Сердце у Михаила Глебыча билось часто, как у крысы, пирующей на столе, пока не появились хозяева.
Поглядел на патриарший двор.
– Ты, Гермоген, виновен! За твое упрямство плата.
Михаила Глебыча била лихорадка. Ждал этого часа – умыть кровью русскую поганую рожу.
Восемь тысяч наемников, одетых в железо, закрыли все выходы из Китай-города и поротно отделывали один двор за другим. Дворы здесь были лучшие, боярские, народа в каждом десятками и сотнями.
Русские люди никогда не квитались за кровавый пир в Китай-городе. Ни слова нет в школьных книгах об убийцах и убиенных, не у каждого даже старого историка про то русское горе сыщешь полстроки в середине абзаца. То
Семь тысяч жителей Китай-города были зарезаны за единый час. В той груде убитых князей Андрей Васильевич Голицын. Он сидел под домашним арестом. Не пощадили боярина, как не пощадили ни кухарок его, ни приютившихся на ночлег нищих…
Убийцы не были ни пьяны, ни злы. Им сказали – убейте много, и они сделали свою работу усердно и чисто.
Знайте, русские! Знайте, как ненавидит вас Европа за лицо ваше, за глаза ваши, за улыбку, за саму вашу жизнь. Помните 19 марта. Наемники вырезали бы всех до единого, поляки в дело вмешались. Миловали красавиц да едва расцветающих девочек. Этих ровняли с вещами, пригодятся для утехи, для обмена, для работы.
Наемники двинулись к Тверским воротам, но стрельцы в Белый город их не пустили. Наемники попятились, завернули на Сретенку, но здесь улица была перегорожена столами, сундуками, лавками, и на помощь горожанам поспел с дружиной князь Пожарский. Опережая немецкую пехоту и поляков, занял Дмитрий Михайлович Пушечный двор на Неглинной. Пушкари были за своих, выкатили медных кабанчиков и огненным боем вогнали всю иноземщину обратно в Китай-город.

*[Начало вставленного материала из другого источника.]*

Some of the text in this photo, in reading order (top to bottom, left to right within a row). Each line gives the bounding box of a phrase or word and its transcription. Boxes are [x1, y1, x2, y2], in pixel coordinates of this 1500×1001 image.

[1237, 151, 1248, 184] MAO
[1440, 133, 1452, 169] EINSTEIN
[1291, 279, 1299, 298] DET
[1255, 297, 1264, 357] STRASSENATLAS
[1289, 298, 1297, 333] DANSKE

Возле церкви Введения Богородицы из бревен, приготовленных для строительства дома, собрали острожек, и Пожарский сел в нем, отбивая атаки немцев.
Польские роты ударили на Кулишки. Дома разорили, людей порезали, но в Заяузье не прошли. Не пустил Иван Матвеевич Бутурлин.

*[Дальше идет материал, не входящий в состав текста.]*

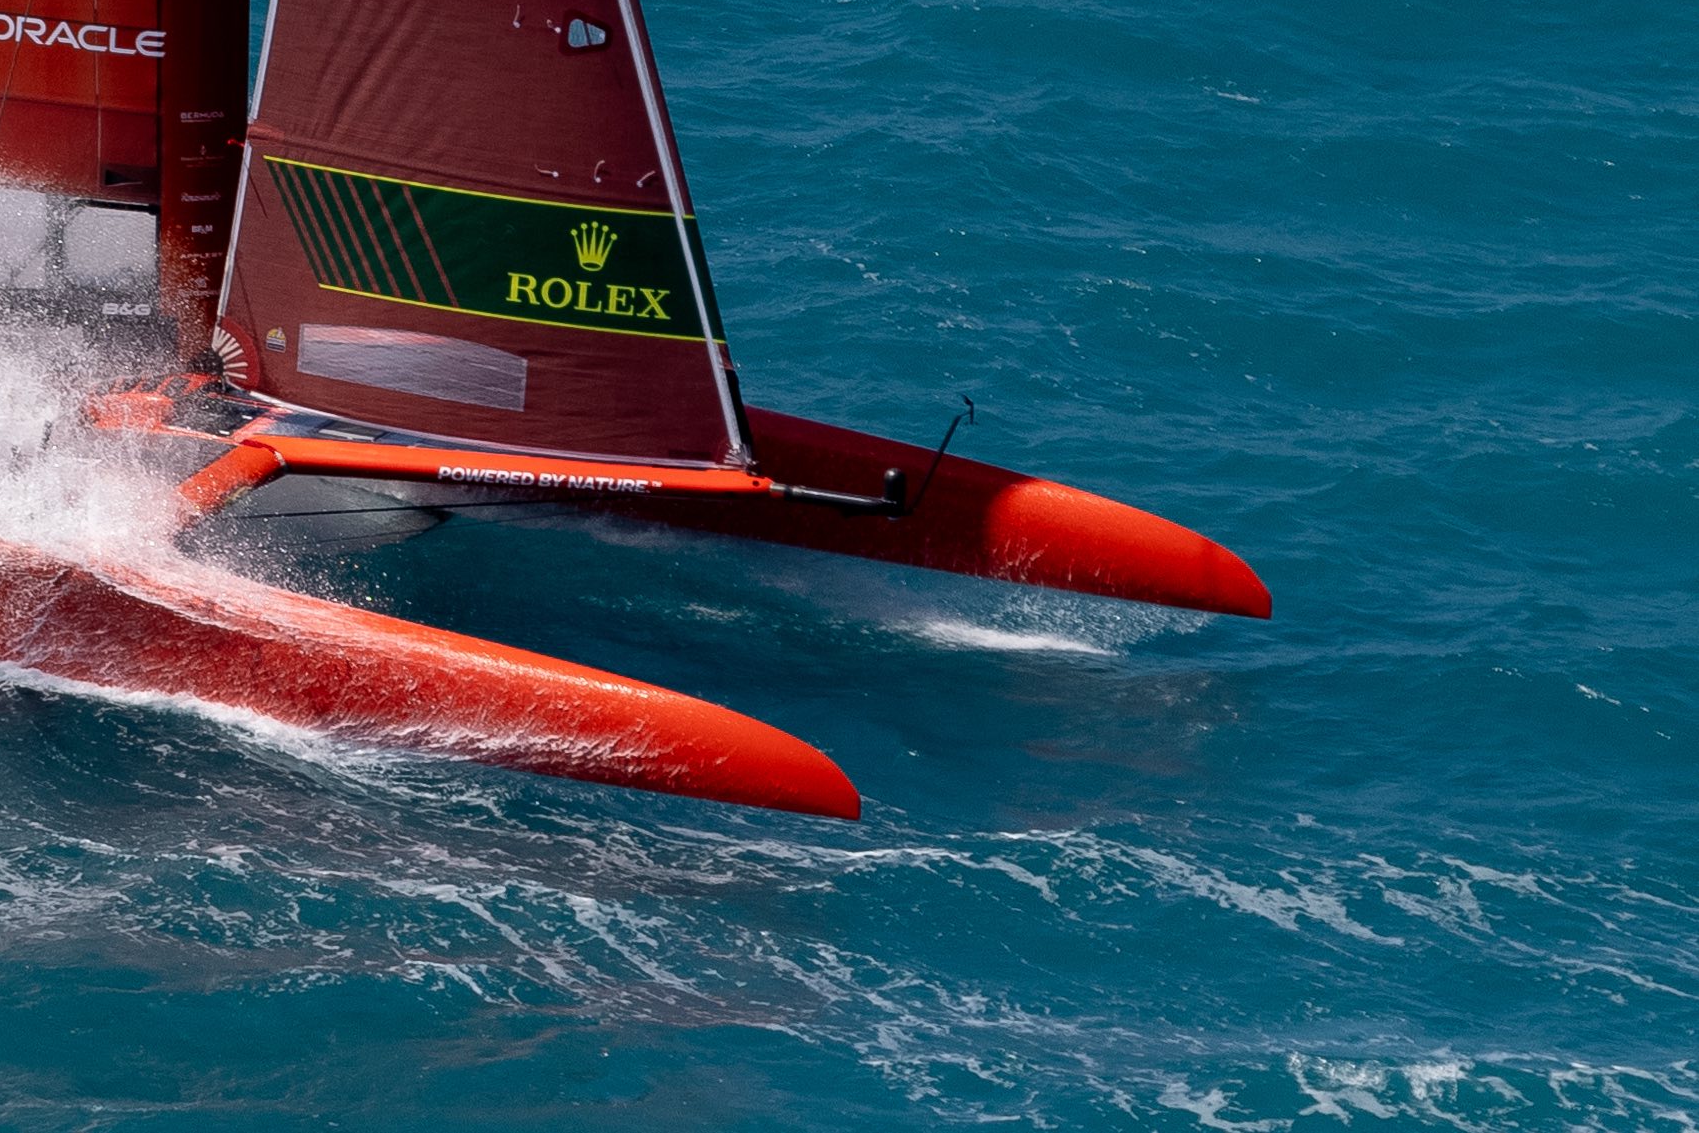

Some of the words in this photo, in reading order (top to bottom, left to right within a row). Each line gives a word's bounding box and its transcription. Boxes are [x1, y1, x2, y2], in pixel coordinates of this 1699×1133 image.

[506, 272, 671, 321] ROLEX
[102, 302, 151, 316] B&G
[437, 466, 535, 486] POWERED
[538, 472, 567, 487] BY

– Мы сегодня не сумели разорвать окружение, а завтра придет Ляпунов, – сказал боярам Гонсевский. – Ступайте к народу, добивайтесь примирения… Помните не только клятву Владиславу, но и о своих семьях – кремлевские запасы невелики.
Князья Федор Иванович Мстиславский, Андрей Васильевич Трубецкой, Борис Михайлович Лыков, Иван Никитич Романов отправились к Никольским воротам увещевать народ Белого города.
Иван Семенович Куракин с думным дьяком, канцлером Семибоярщины Иваном Тарасьевичем Грамотиным да с дворецким Василием Михайловичем Рубцом-Масальским пошли звать патриарха.
Гермоген изменников к себе не допустил. Тогда на патриарший двор, как разъяренные львы, прибежали Салтыков с Гонсевским.
– Сегодня пролилось много русской крови, – говорил Гонсевский, – русской, драгоценной для вашего святейшества. Я в том пролитии неповинен. Побоище вспыхнуло как пожар, от искры ненависти. Но завтра, если москвичи не образумятся, убитых будет втрое и вчетверо. И ведь Москва деревянная. Война спалит ее, люди потеряют все, что имели.